There was a similar infamous case that went viral in July, as reported by the Chicago Tribune:

A Chicago corporate landlord set the Internet world abuzz by suing a former resident for a seemingly offhand remark on Twitter about her “moldy” apartment.

The libel suit by Horizon Group Management alleged that Amanda Bonnen “maliciously and wrongfully published the false and defamatory tweet, thereby allowing the tweet to be spread throughout the world.”

But Bonnen had only about 20 Twitter followers at the time of her allegedly libelous tweet. By the time the news of the legal fight spread Tuesday around the Web, however, “Horizon Realty” hit as high as No. 3 on Twitter’s list of trending topics and made the front page of in which users rate the top news of the day.

One prominent lawyer said that the landlord was “inviting a PR nightmare” and “foolhardy” but the landlord is still pursuing the case.

Which brings me to point two.  These days, “word of mouth” does not take place at the water cooler.  This is an era where everybody has a voice, everybody has a global public platform.  A dissatisfied customer is a terrorist.  And Low and Tritt … seems to be in trouble.

How did the reporter find out about the lawsuit?  Probably from somebody who sympathizes with the restaurant.  So, now it’s in the newspaper.  And on TV.  Both online versions have comment sections providing more fuel to the public perception that Goliath is bullying David. As of this writing, there were 81 comments with stabs such as:

“They should change their name to low and trite.”

“Low & Tritt has conducted a fantastic gonzo marketing campaign advertising what the firm stands for. I wonder if they can sue themselves for stupidity? I’m sure the current clients splashed all over their web site are proud to be associated with such a professional organization.”

“I guess if you can’t make money by providing a quality service to your customers… then you can just hire a snake lawyer, and sue the customers that you FAILED for million$$$$.”

It gets worse. I didn’t hear about this from a newspaper.  I saw a link to the article on Twitter and so did hundreds, perhaps thousands, of others.  Now the news about Low and Tritt is going viral.

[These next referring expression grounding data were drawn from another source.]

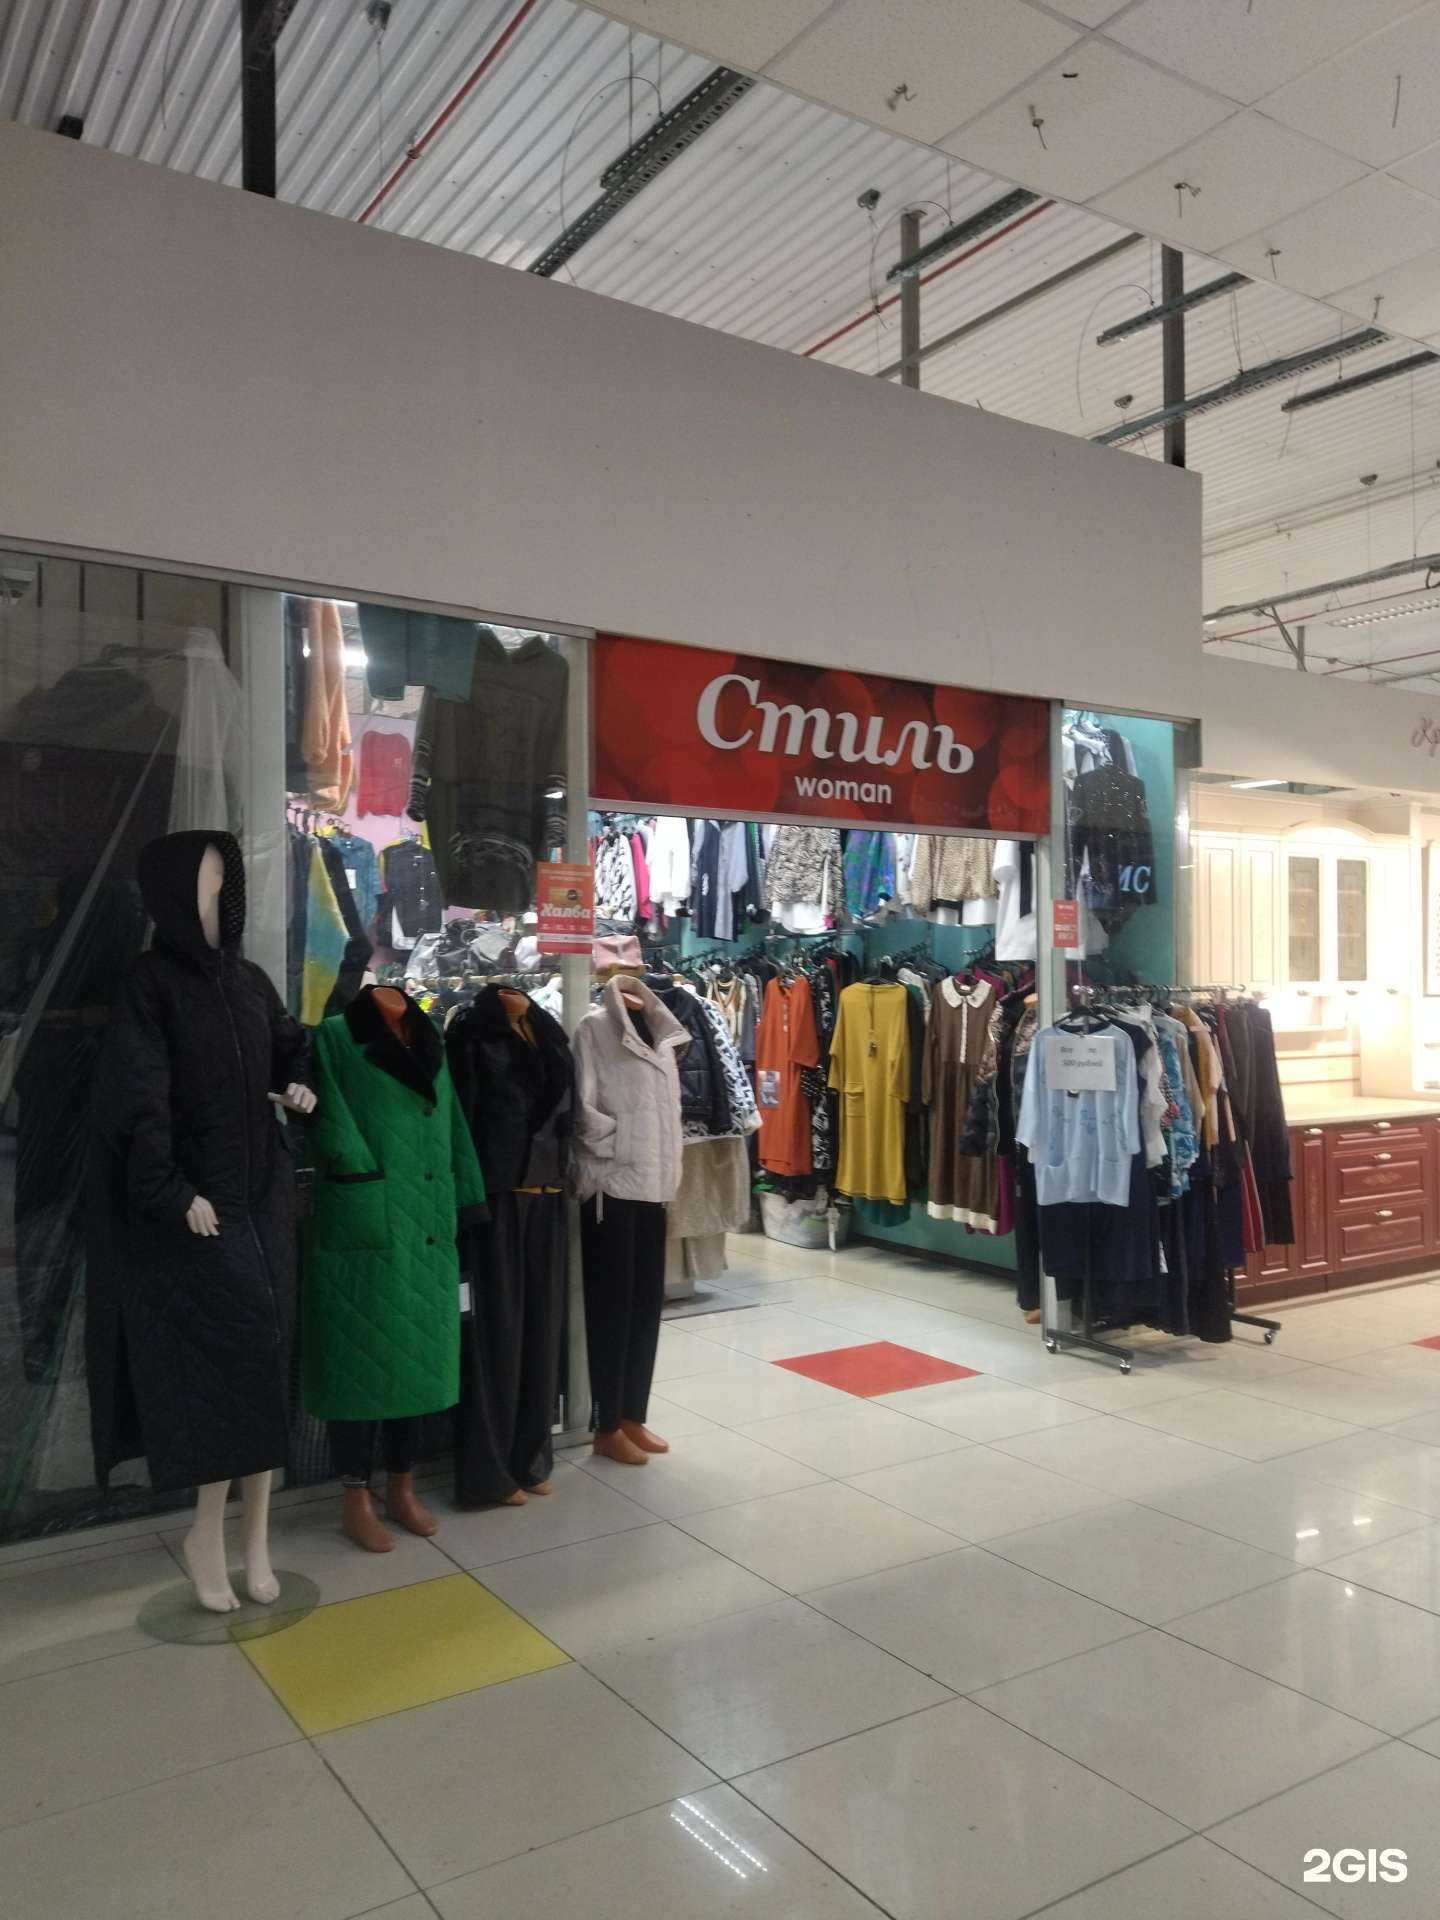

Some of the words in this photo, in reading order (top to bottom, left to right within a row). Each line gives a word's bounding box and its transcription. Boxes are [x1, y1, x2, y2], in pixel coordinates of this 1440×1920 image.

[696, 673, 974, 774] Стиль
[795, 775, 893, 805] woman
[540, 902, 592, 919] Халва
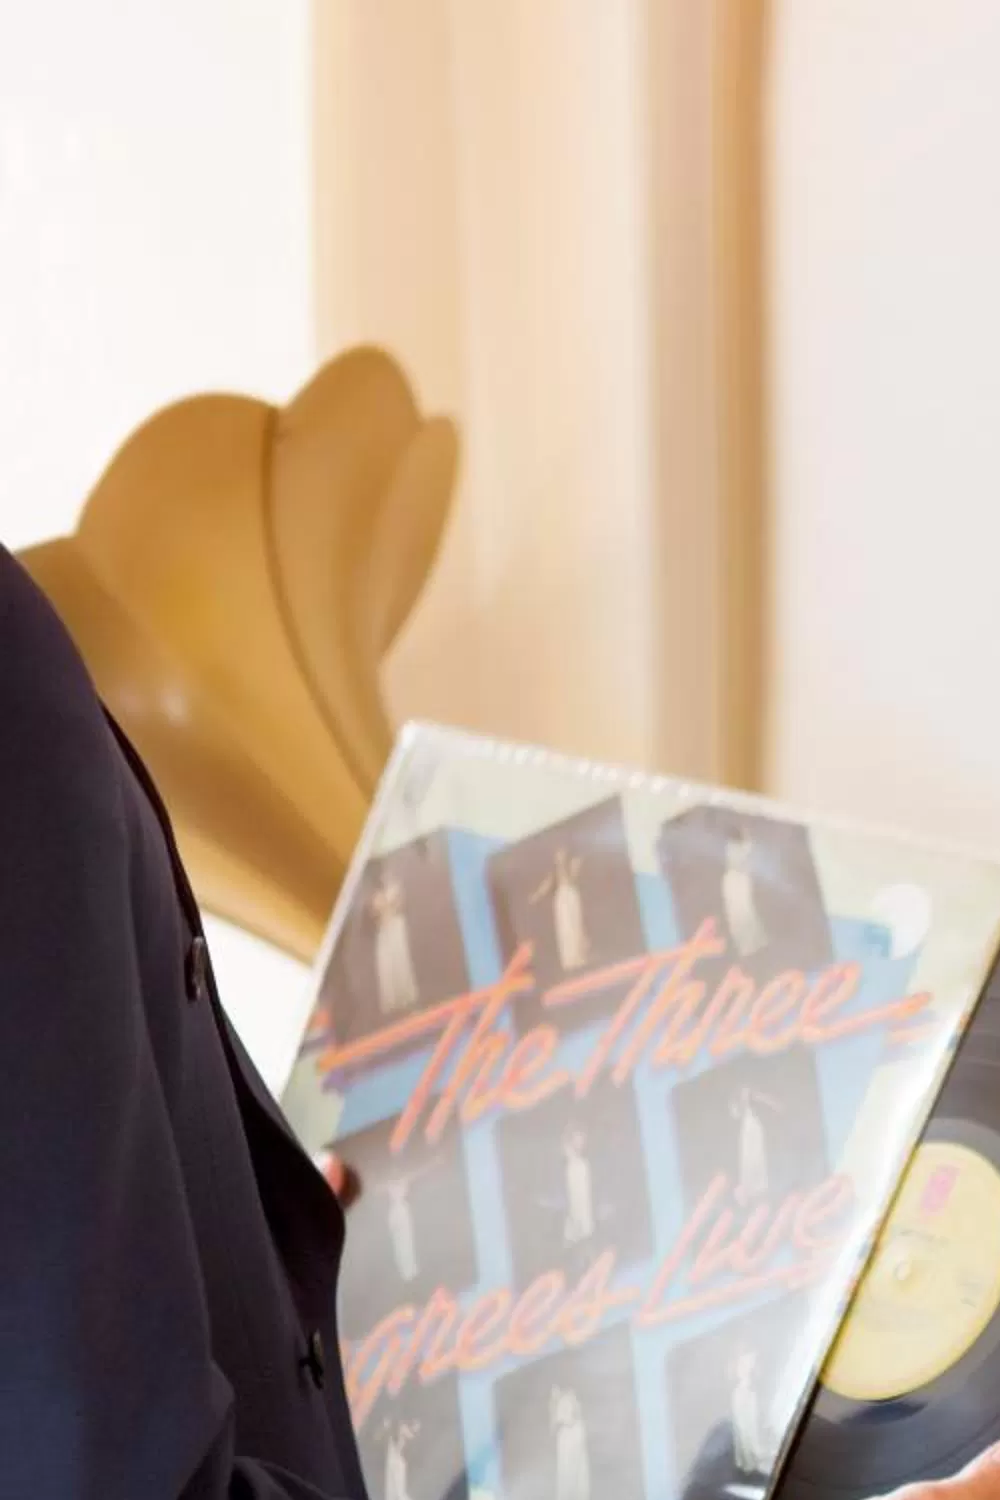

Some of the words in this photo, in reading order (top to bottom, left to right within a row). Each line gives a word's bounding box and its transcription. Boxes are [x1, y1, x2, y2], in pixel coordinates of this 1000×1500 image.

[318, 940, 570, 1153] The
[541, 917, 933, 1100] Three
[340, 1246, 642, 1430] grees
[634, 1172, 858, 1330] Live

Although crowd reaction might go with the pizza baker, the lawyer for Low and Tritt claims in an interview that anybody with an audience had better be careful:

“The claim is that the posting on the Twitter page that was not accurate about the marketing company,” says Pamela Reeves. Reeves is partner of Reeves, Herbert & Murrian P.A., the office representing Low and Tritt in the case.

“It opens up lots of opportunities for defamation,” she says. Defamation – where a false comment damages the reputation of an individual or business – depends on the comment being untrue.

“If the statements that are made are accurate statements, you’re not defamed. It’s simply making an observation that’s true,” says Reeves. “Obviously our clients feel that that’s not the situation here.”

“Remember you always have the possibility of causing someone serious harm when you make those statements on the web,” says Reeves. “Unless you know you’re fully protecting yourself, you should be careful what you say.”

The Pizza Kitchen is caught in a maelstrom of legal uncertainty but has the benefit of public sentiment. Low and Tritt probably didn’t make the wisest business or PR move but might have the law on their side. Does that matter if their reputation is ruined?